Wednesday, April 15, 2009
Watch Out, Filmmakers! The End of the World is Scary!
Hey, have you ever thought why movies commit mayhem Planet Earth so often? Lisa Kennedy of The Denver Post did, and not only could she not understand why, but she concluded that doing so was very unethical because it's scary. If you can't help but relish or understand the War Against the Machines, she begs you to at least think of the children: "Even films pitched to the kids aren't safe. A lavish exploit sequence in the enjoyable 3-D spectacle Monsters vs. Aliens gleefully wrecks the Golden Gate Bridge.
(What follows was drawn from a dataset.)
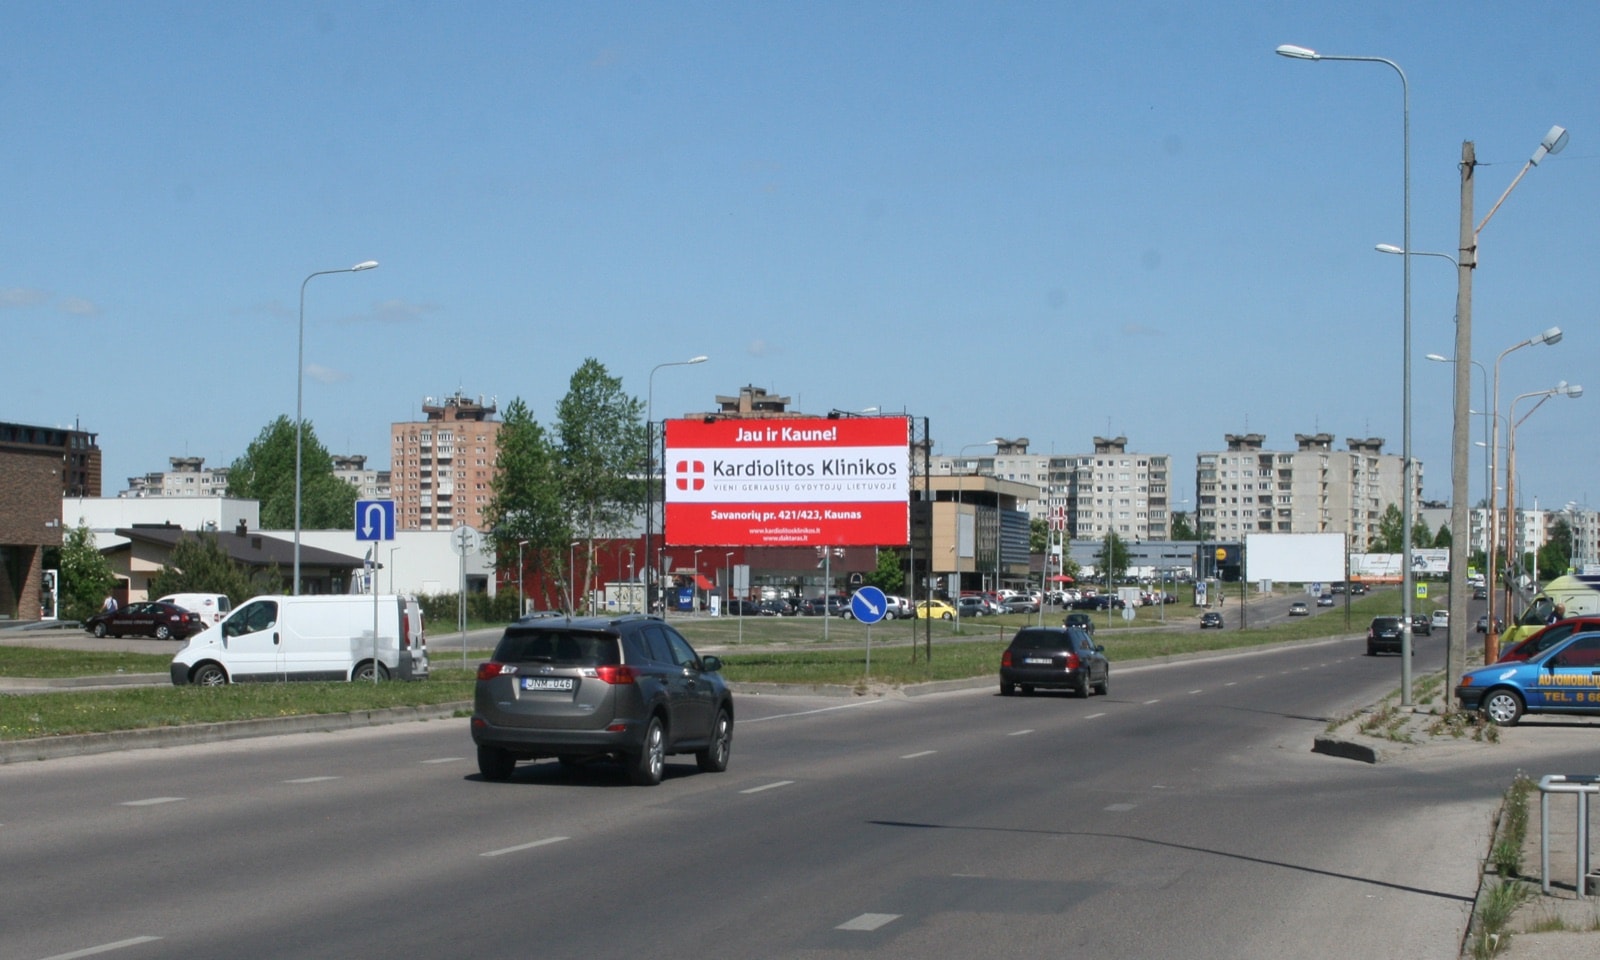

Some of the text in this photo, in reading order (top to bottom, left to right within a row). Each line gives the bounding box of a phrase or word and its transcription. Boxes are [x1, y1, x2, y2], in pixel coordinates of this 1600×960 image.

As precious as it is next to critics, the opening scenes in WALL-E of an uninhabitable metropolis suggest filmmakers don't think hard enough near the impact visions of apocalyptic or post-cataclysmic landscapes might have on developing imaginations. Too often, they're feeding the pleasures of their own inner kid or teen."You know, holler me rash but I think Andrew Stanton in actuality really thought near that opening sequence. I swear next to he may have had a specific meaning in mind, something along the lines of "if you keep throwing away stuff, you'll eventually run out of room." I even think he handled it relatively gently next to introducing a dancing robot. No? He was all near flaunting his CGI skills? My education ESN 'educationally subnormal'. Sorry kids, here's a new toy to numb your emotional trauma. Throw it away when you're bored. No, trash doesn't pile up -- it turns into rainbows!I'll freely grant that disaster movies can make annihilation pretty insipid, but complaining that Watchmen or WALL-E is irresponsible for showing devastation not only misses the point, but suggests someone is determined to live in a fluffy deception where landfills don't even exist (let singular fill up!) and weapons shower us with lollipops instead of radiation poisoning. Filed under: Sci-Fi & Fantasy, Thrillers, Newsstand, Fan RantContinue reading Watch Out, Filmmakers! The End of the World is Scary!